To address these problems, we recently reported a “Steric Exclusion” strategy for preparing monovalent, small, and modular QDs11. The QDs are wrapped with a single long phosphorothioate DNA (ptDNA) polymer. The ptDNA binds to the QD surface through multiple Zn-S interactions between surface-exposed Zn atoms and the phosphorothioate groups of the ptDNA polymer. A single bound polymer sterically and electrostatically excludes the binding of additional equivalents of the polymer without significantly increasing the particle’s overall size (about 2 nm). All reagents are commercially available, products are formed in high yield, and the process requires only desalting steps for purification. Once labeled, QDs wrapped with a single ptDNA (mQDs) bind to complementary DNA strands bearing targeting domains (e.g., benzylguanine (BG), benzylcytosine, or alkylhalides).
These functionalities target the mQDs specifically to enzymatic tags such as SNAP, CLIP & HALO that are genetically fused to the protein of interest. This is a protocol for the synthesis, targeting, and live-cell imaging of mQDs produced by steric exclusion.
1. Production of Monovalent Quantum Dots
- Phase transfer of QDs from organic to aqueous phase
- Dilute 200 µl of a 1 µM solution of organic phase QDs with 400 µl of chloroform in a 5 ml glass vial.
- Mix 400 µl of a 0.3 M tetrabutylammonium bromide (TBAB) chloroform solution with 36 µl of neat mPEG thiol (CH3O(CH2CH2O)6C2H5SH) and shake O/N.
- Add 800 µl of a 0.2 M NaOH aqueous solution and shake for 30 sec. A phase transfer occurs within a few minutes, indicated by the transfer of the colored particles to the aqueous phase above the denser organic phase.
- If the particles aggregate in a third phase between the aqueous and organic phases, increase the incubation time with the mPEG thiol. If the aqueous phase remains clear, the QDs did not phase transfer (see Figure 3A). Alternately, increase the concentration of mPEG thiol in step 2 to alleviate poor phase transfer.
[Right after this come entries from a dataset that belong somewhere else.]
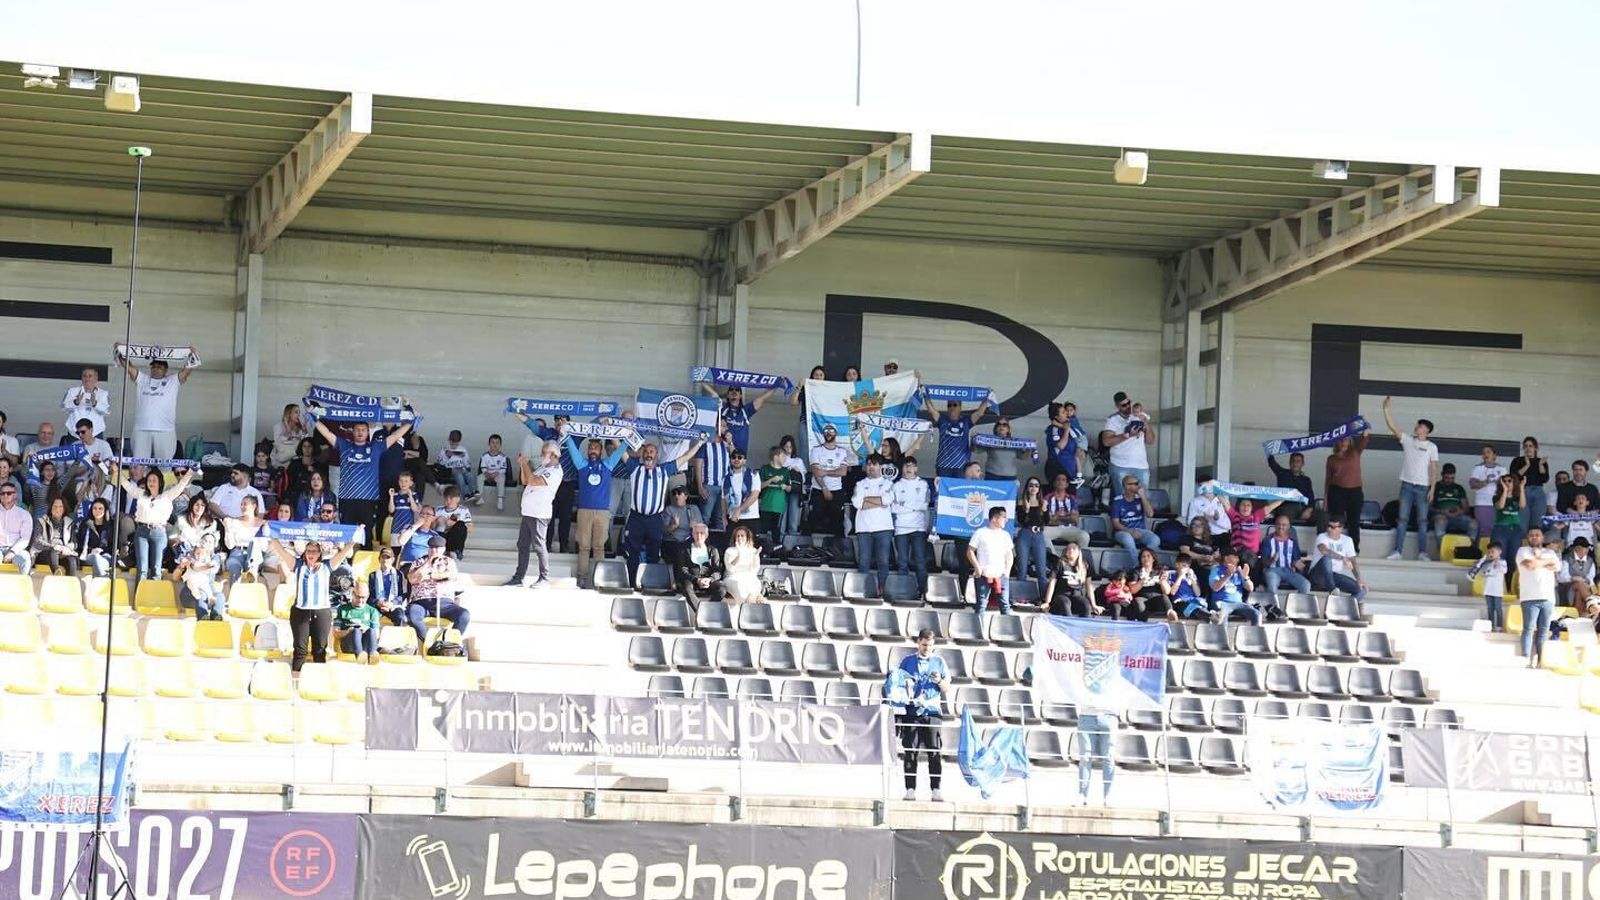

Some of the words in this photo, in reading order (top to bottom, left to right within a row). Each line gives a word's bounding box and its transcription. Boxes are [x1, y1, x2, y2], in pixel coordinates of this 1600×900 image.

[130, 346, 175, 359] XEREZ
[716, 370, 759, 385] XEREZ
[760, 375, 778, 386] CD
[312, 387, 353, 404] XEREZ
[569, 422, 623, 437] XEREZ
[867, 414, 920, 430] XEREZ
[1291, 432, 1330, 449] XEREZ
[1332, 424, 1348, 438] CD
[1046, 648, 1082, 663] Nueva
[455, 702, 650, 737] Inmobiliaria
[654, 704, 846, 747] TENORIO
[37, 794, 116, 816] XEREZ
[484, 832, 849, 900] Lepephone
[1031, 842, 1227, 879] ROTULACIONES
[1233, 853, 1359, 884] JECAR
[1069, 878, 1225, 895] ESPECIALISTAS
[1232, 882, 1260, 896] EN
[1263, 884, 1322, 898] ROPA
- Recover the (colored) aqueous phase and then concentrate the collected QDs with a Centricon spin column (30 kDa molecular weight cut-off) to 1 ml.
- Add the concentrated QD solution into a Sephadex NAP10 column pre-equilibrated with 10 mM Tris buffer containing 30 mM NaCl (pH 8.0). Elute the QDs with 1.5 ml of elution buffer by gravity flow.
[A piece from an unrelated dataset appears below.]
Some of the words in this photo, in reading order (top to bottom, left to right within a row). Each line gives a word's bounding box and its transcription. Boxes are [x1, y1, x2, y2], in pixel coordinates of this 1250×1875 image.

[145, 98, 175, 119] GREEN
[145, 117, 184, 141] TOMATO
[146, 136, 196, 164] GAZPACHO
- Measure the concentration of QDs with absorption spectroscopy at 350 nm.
- Preparation of mQDs
- Purchase (or synthesize) ptDNA. This protocol uses the sequence 5’-AS50(CT)10(ACTG)5 -3’ (see Table 1).
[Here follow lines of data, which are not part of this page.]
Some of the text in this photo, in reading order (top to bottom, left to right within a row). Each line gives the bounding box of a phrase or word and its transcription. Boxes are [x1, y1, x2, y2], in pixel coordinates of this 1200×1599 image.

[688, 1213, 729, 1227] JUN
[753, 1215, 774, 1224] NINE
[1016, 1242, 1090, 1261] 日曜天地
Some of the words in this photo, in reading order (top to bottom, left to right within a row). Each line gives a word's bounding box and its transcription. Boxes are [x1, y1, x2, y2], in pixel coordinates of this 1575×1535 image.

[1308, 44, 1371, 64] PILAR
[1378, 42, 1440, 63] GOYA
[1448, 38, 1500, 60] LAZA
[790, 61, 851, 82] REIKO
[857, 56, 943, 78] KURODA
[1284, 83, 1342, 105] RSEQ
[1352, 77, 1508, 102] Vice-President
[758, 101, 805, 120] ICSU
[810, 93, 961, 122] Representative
Table 1. DNA sequences used to produce and target mQDs.
- Prepare 1 ml of 100 nM QD solution in 10 mM Tris buffer containing 30 mM NaCl (pH 8).
- Add drop wise 500 µl of the 100 nM ptDNA solution to the aqueous QDs for 1 min while vigorously stirring. Stir or place on a shaker for an additional 9 hr.
Note: This should theoretically produce a 1:2 ratio of ptDNA:QD. However, the actual stoichiometry is never perfect — usually the result is closer to 1:1.5. In order to produce a 1:1 ratio of ptDNA:QD, densitometry after gel electrophoresis is necessary to quantify the exact ratio of conjugation given the known volumes used above.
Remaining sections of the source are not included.